In cats is wallpaper usually yellow-green or yellow-orange, but the color varies, as does their iris – the colored part of their eye, which can be green, yellow, blue or gold. The color variation of wallpaper is not unique to cats and can be seen in many species.

Other animals can also shine!

Many other animals to see at night have one wallpaper lucidum.

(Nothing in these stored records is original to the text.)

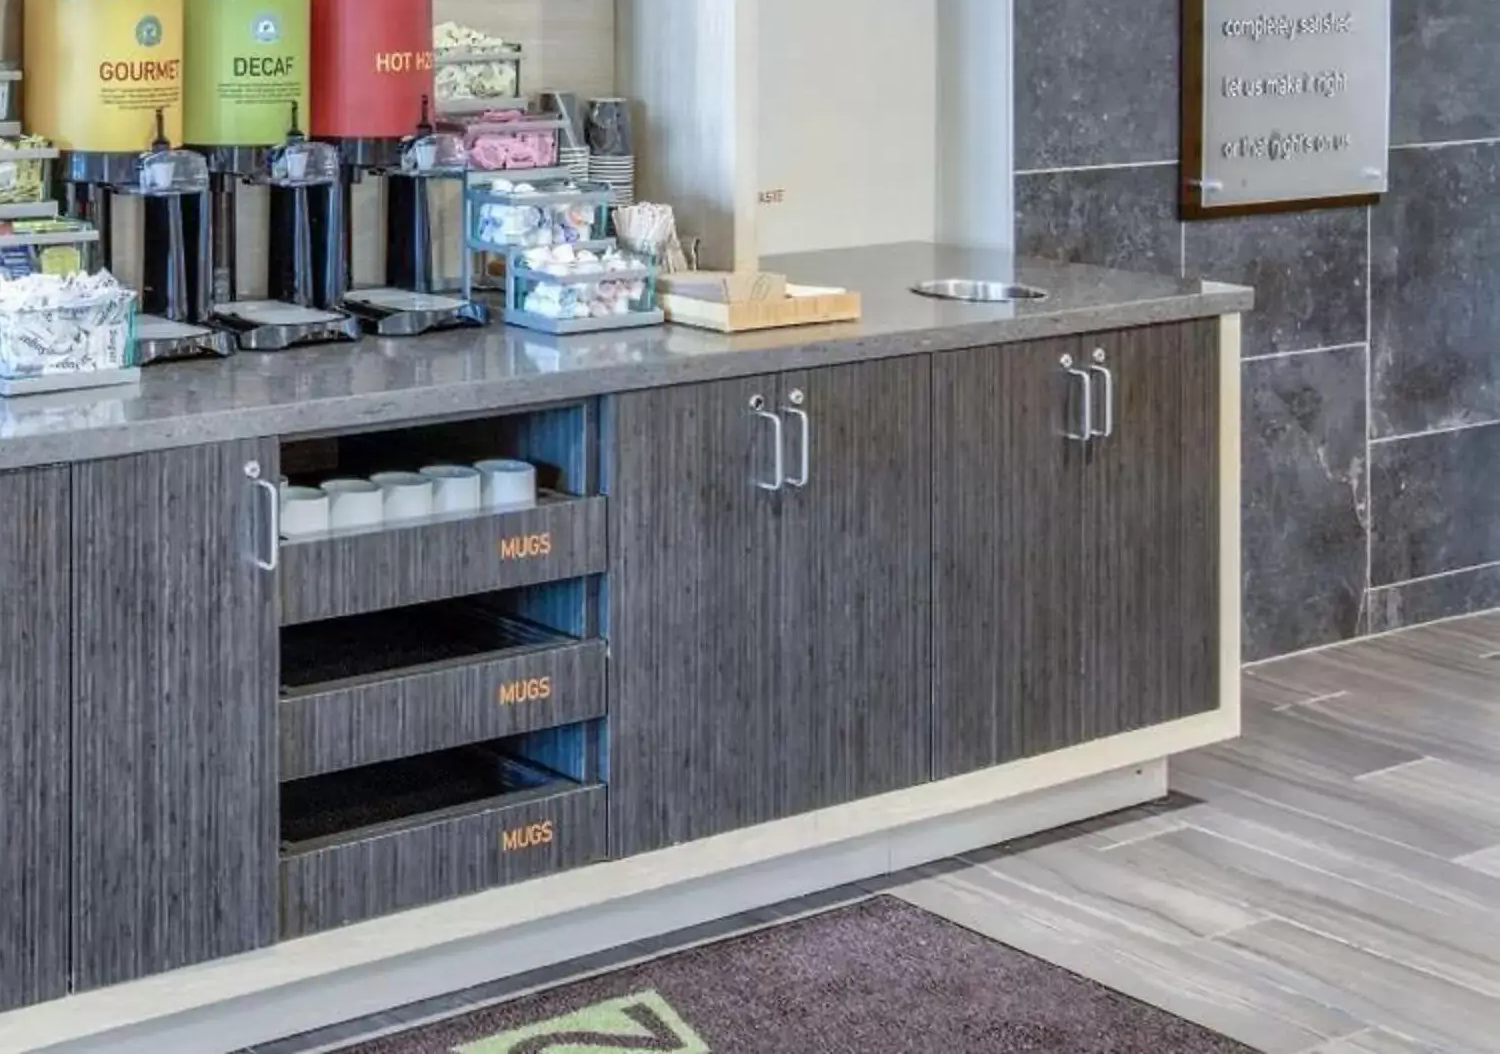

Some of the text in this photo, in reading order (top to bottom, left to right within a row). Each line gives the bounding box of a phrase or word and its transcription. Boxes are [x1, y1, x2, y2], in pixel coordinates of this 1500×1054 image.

[99, 59, 180, 82] GOURMET
[233, 56, 294, 77] DECAF
[377, 51, 413, 73] HOT
[501, 531, 551, 559] MUGS
[500, 676, 550, 706] MUGS
[503, 820, 553, 851] MUGS

This includes both predators and prey, from wild foxes to sheep. that wallpaper lucidum is also useful for fish, dolphins and other aquatic animals as it allows them to see better in dark and turbid water.

In terrestrial animals it is wallpaper are in the upper half of the eye, behind the retina, because they need to see better what is on the ground. But in aquatic animals it is wallpaper occupy most of the eye as they have to see everything around them in the dark. Like cats, the lemur, a small primate, and its close relative, the bush baby, also have one wallpaper super reflective made of riboflavin.

Although many animals have bright eyes, some small domestic dogs lack this feature. Most animals with blue eyes and white or light fur have also lost this trait. So do not worry if your dog’s or cat’s eyes do not shine! The list of other species is missing wallpaper lucidum includes pigs, birds, reptiles and most rodents and primates, including humans.